Я попросила подругу написать расписку, что я живу с ней, и поехала в налоговую, готовая, если что, учинить скандал. Три часа сидела в очереди, напряженная, как пружина, и, когда шла к сотруднику, собиралась биться до последнего. Он спросил, где я живу, и я начала подробно объяснять ситуацию, на что он рассмеялся: «Вы не поняли. Не надо никакого договора, просто адрес скажите». Он выдал мне свидетельство и сказал: «Добро пожаловать». Меня тогда так поразило человечное отношение: в России я привыкла сражаться за каждую бумажку.
Первое время я постоянно удивлялась, насколько дружелюбна Армения по сравнению с Россией. Например, был случай, когда я открывала счет в банке, куда могла попасть в субботу. Тогда я еще не была налоговым резидентом — для нас было открыто отдельное окно, и вместе с другими эмигрантами я просидела в очереди несколько часов. Банк работал до трех, и, когда до закрытия оставалось 15 минут, я сказала охраннику: «Наверное, можно уходить — мы точно не успеем». Охранник удивился: «Как это, не успеете? Вы же взяли талончик! Мы не закроемся, пока не обслужим каждого, у кого есть талончик». И всех действительно обслужили.

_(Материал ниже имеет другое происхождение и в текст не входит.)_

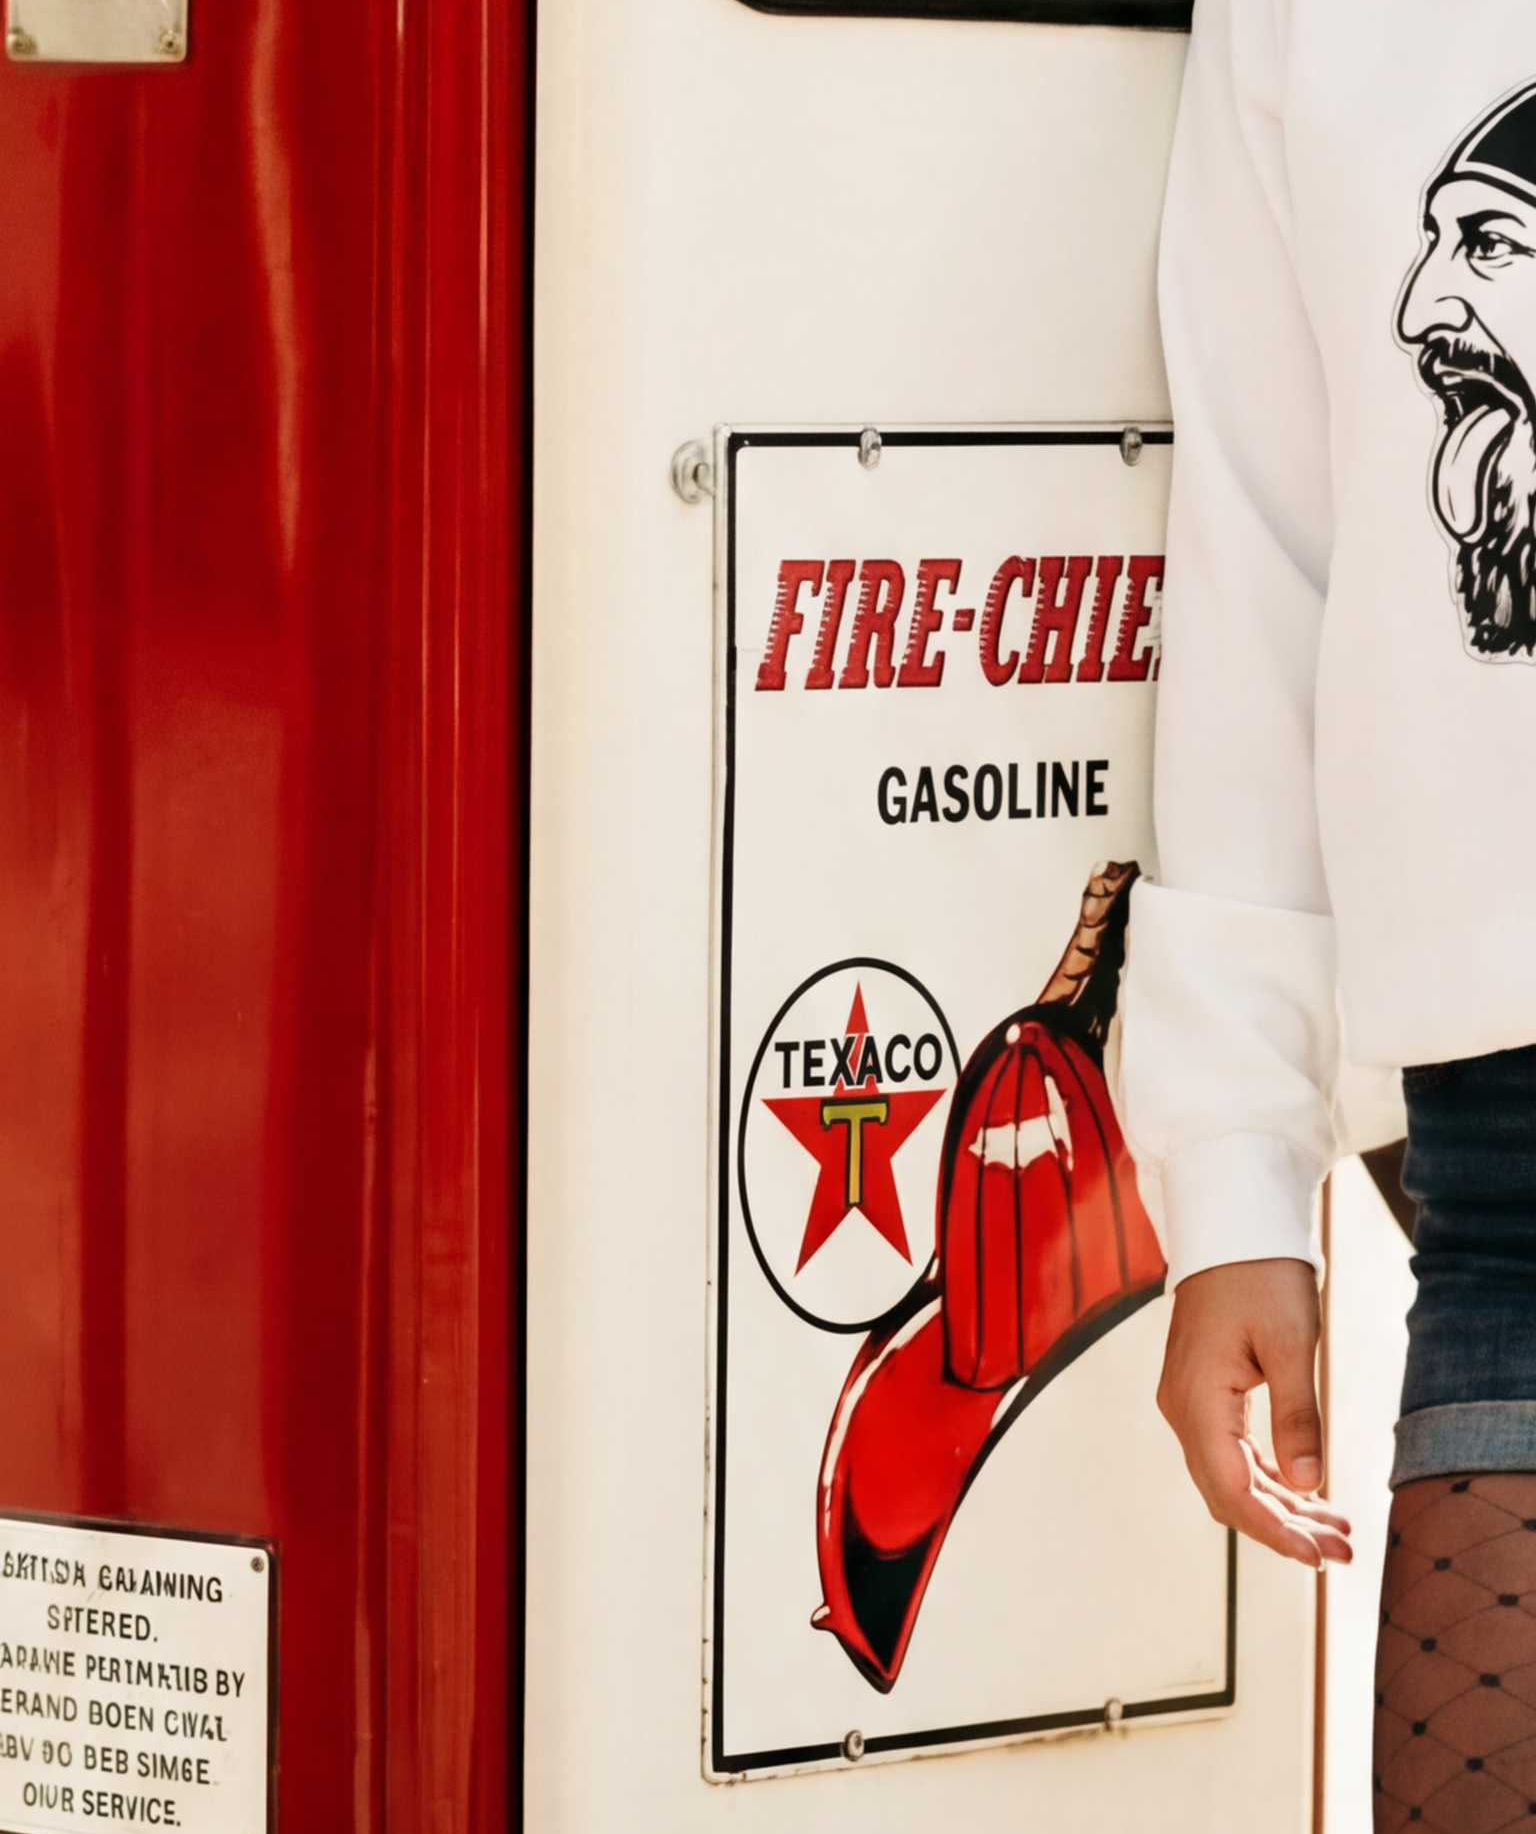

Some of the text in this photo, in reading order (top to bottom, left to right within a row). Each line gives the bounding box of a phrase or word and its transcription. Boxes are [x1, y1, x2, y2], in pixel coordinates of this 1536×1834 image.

[754, 554, 1166, 692] FIRE-CHIE
[877, 760, 1110, 825] GASOLINE
[774, 1033, 943, 1089] TEXACO
[820, 1095, 890, 1210] T
[216, 1669, 245, 1698] BY
[89, 1699, 154, 1733] BOEN
[84, 1743, 129, 1775] BEB
[82, 1788, 181, 1828] SERVICE.

Однажды я покупала стики для айкоса в табачной лавке — это было сразу после переезда. У меня не было с собой налички, а терминал отказывался работать. Продавец махнул рукой — потом занесешь. Я прибежала домой и закричала: «Ребята, вы представляете — мне продавец все просто так отдал!» Мы сразу бросились искать по карманам мелочь, чтобы вернуть. Потом я узнала, что это обычная ситуация — занести долг можно и через неделю, никто за этим особо не следит. Сильнее всего меня удивляло, что это обычные практики — в насколько же токсичной атмосфере я жила до этого, если меня такое впечатляет.
Я уже привыкла, что здесь принято быть дружелюбным, и сама здороваюсь со всеми соседями по дому. В день переезда они мне помогали таскать вещи, хотя я не просила. В Армении я не встречала неприязни к русским иммигрантам. Здесь хорошо знают, что такое война и что значит бежать, бросив свой дом.
Зарабатываю меньше, но мне все равно нравится
Летом 2022 года мне на глаза попалась вакансия: московский лицей имени Софьи Нюберг открывал свой филиал в Ереване и искал преподавателей словесности. Там была огромная анкета, которую я заполняла несколько дней. Потом я прошла собеседование, и директор позвал меня работать учительницей в начальной школе. Я была в ужасе, потому что до этого никогда не преподавала маленьким детям, но согласилась.
Осенью я начала работать. Первые полгода было тяжело: мы с коллегами особо не преподавали и в основном поддерживали детей и помогали справляться с негативными эмоциями. У многих была эмигрантская травма, у некоторых отцы оставались в России и доделывали дела — а тут началась мобилизация. Помню, мы писали диктант, а одна девочка разрыдалась и не могла остановиться. Я спросила, что случилось. Она ответила: «Папа в России, я очень боюсь, что его сейчас заберут на войну и убьют». Она обещала родителям хорошо учиться, поэтому, рыдая, пыталась дописать диктант.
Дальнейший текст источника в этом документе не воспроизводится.